There has been a ton of speculation on iPhone 5C sales, much of it saying that production has been cut back by 50 percent or more. NPD, which is generally fairly accurate in its channel checks, is slightly more credible than others. These number make sense given that the iPhone 5S has been outselling 5C by a large margin, both in the U.S. and overseas.
Above: The iPhone 5S
Image Credit: John Koetsier / VentureBeat
NPD says there’s two reasons why the iPhone 5C is not selling well: the actual price, and the market perception that the price should have been cheaper. Apple is prioritizing profit over revenue, as per usual, while generally consumers felt that the product would come in perhaps half or two-thirds of the iPhone 5S’s price, rather than just $100 less.

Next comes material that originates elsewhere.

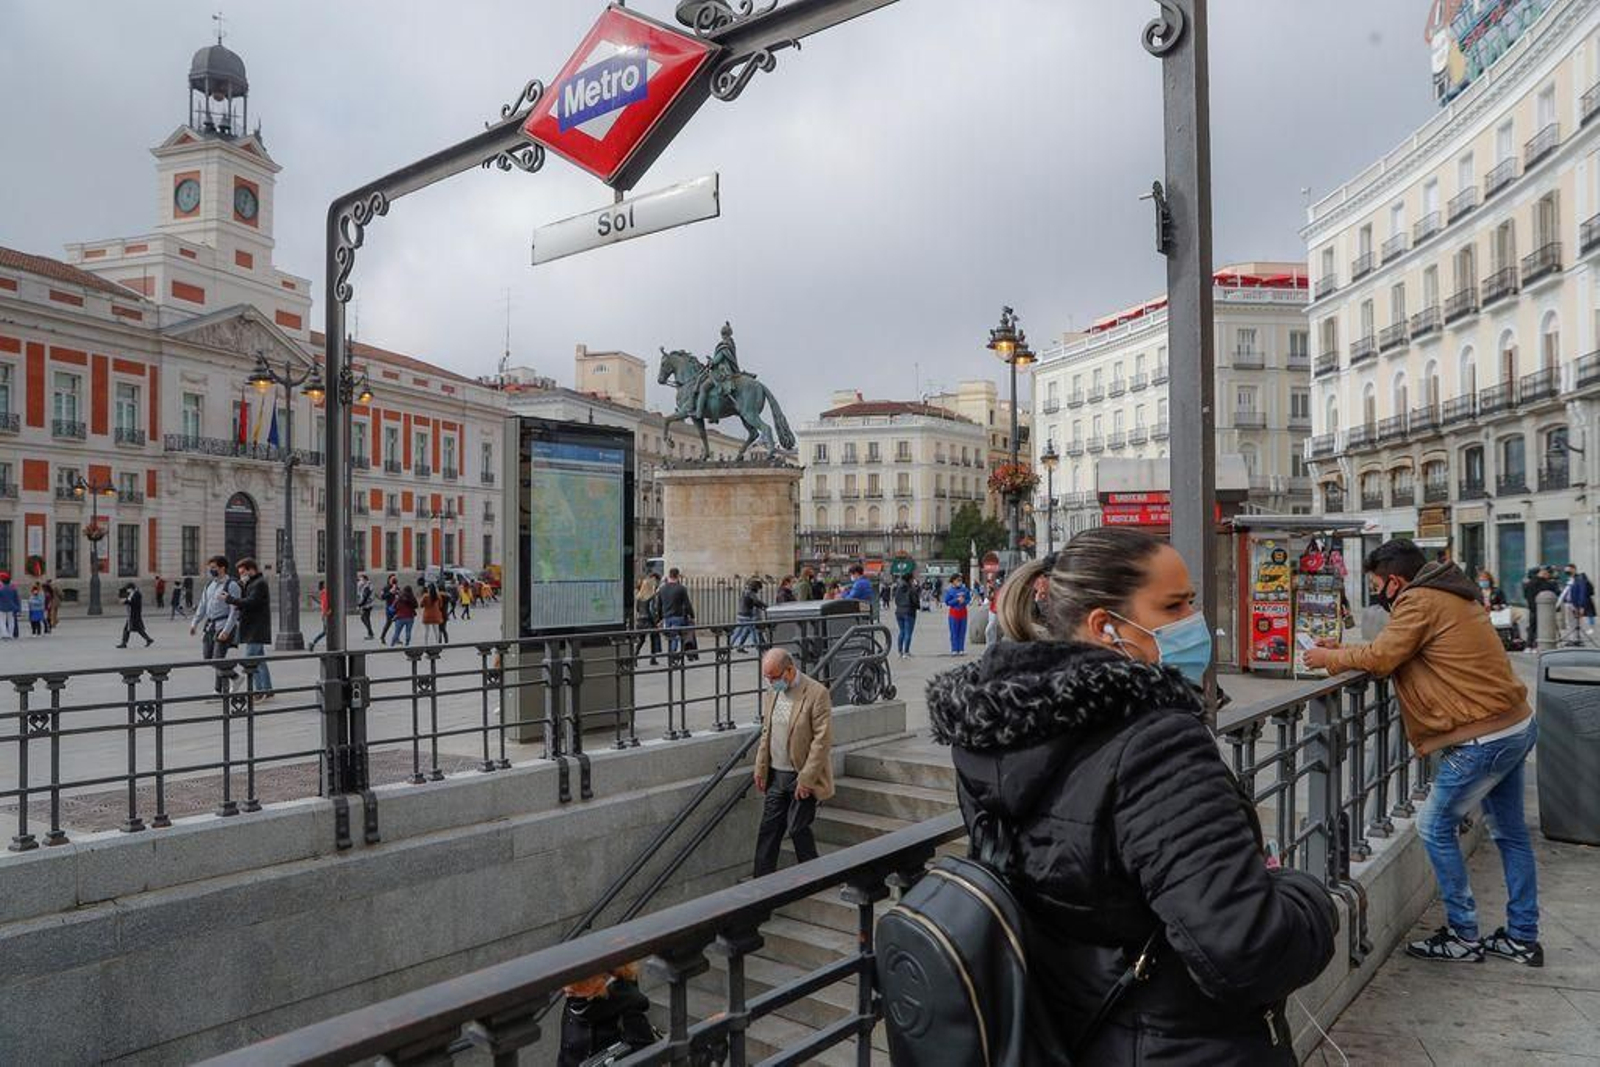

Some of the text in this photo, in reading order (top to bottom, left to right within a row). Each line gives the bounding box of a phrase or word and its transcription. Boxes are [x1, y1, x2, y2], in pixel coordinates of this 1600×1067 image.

[564, 64, 640, 118] Metro
[597, 204, 634, 236] Sol
[1253, 605, 1287, 613] MADRID

The good news for Apple is that the iPhone 5S is selling incredibly well. That’s good for short-term profits.
The bad news, for long-term investors, is that iPhone 5C is not really achieving what some — particularly those outside Apple — saw as its goal: expanding the universe of potential iPhone owners, and thereby expanding Apple’s customer list in developing countries. That said, the 5C is a great iPhone in my testing and experience, and has the potential to do very well for Apple, if the company can just get over its self-imposed need for what some would call unrealistically high margin expectations.
Especially since the iPhone 5 is schedule to end production this quarter, and the iPhone 4S is likely nearing the end of its production runs as well. Which means that Apple will need a low-end model that isn’t a year or two old design.
Although, there are other options:
“Perhaps Apple could have avoided the effort it took to develop the iPhone 5c, and just continued selling the two-year old iPhone 4 at a lower price to address the mid-range segment,” NPD says, tongue halfway into its cheek.